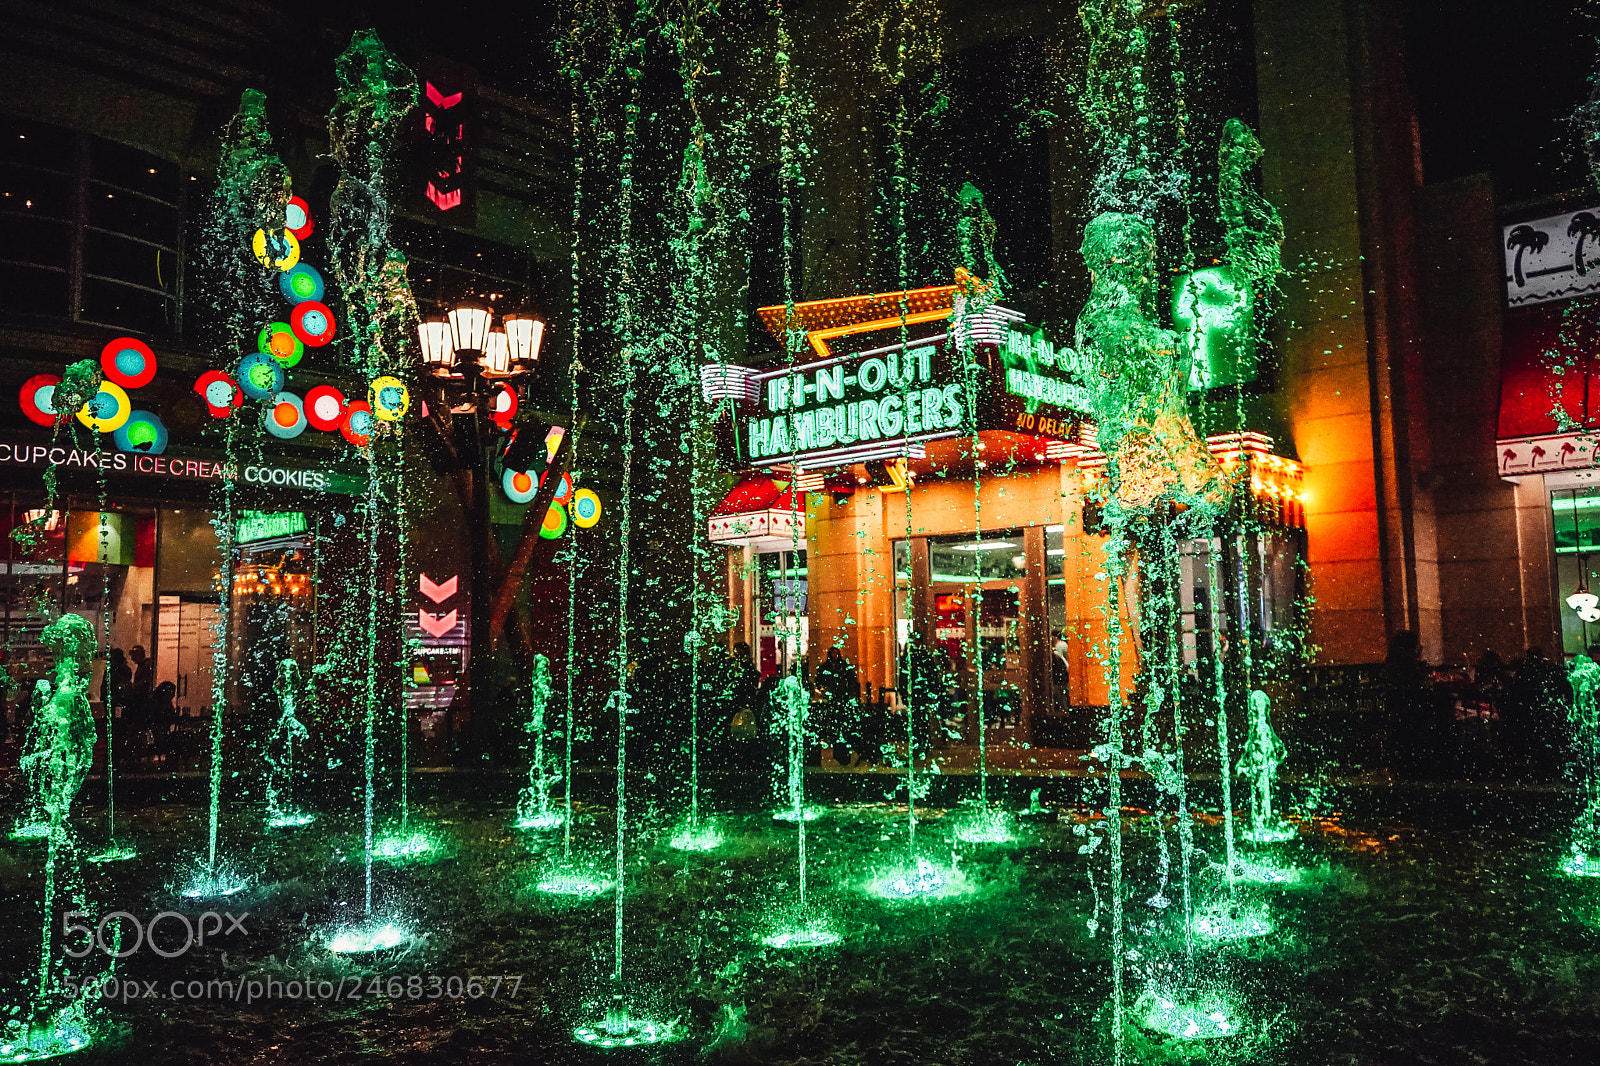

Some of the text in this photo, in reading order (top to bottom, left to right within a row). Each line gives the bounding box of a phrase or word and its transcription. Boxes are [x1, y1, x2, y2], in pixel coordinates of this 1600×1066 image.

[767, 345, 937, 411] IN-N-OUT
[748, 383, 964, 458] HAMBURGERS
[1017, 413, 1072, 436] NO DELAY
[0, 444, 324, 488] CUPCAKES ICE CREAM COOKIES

:::

# What you need to do
If a line holds an image, leave the image out; retype everything else in the entries exactly.

# Response for this exercise
Some of the text in this photo, in reading order (top to bottom, left to right within a row). Each line gives the bounding box of a phrase or word and its transcription. Boxes are [x1, y1, x2, y2], in pixel coordinates of this 1600×1066 image.

[767, 345, 937, 411] IN-N-OUT
[748, 383, 964, 458] HAMBURGERS
[1017, 413, 1072, 436] NO DELAY
[0, 444, 324, 488] CUPCAKES ICE CREAM COOKIES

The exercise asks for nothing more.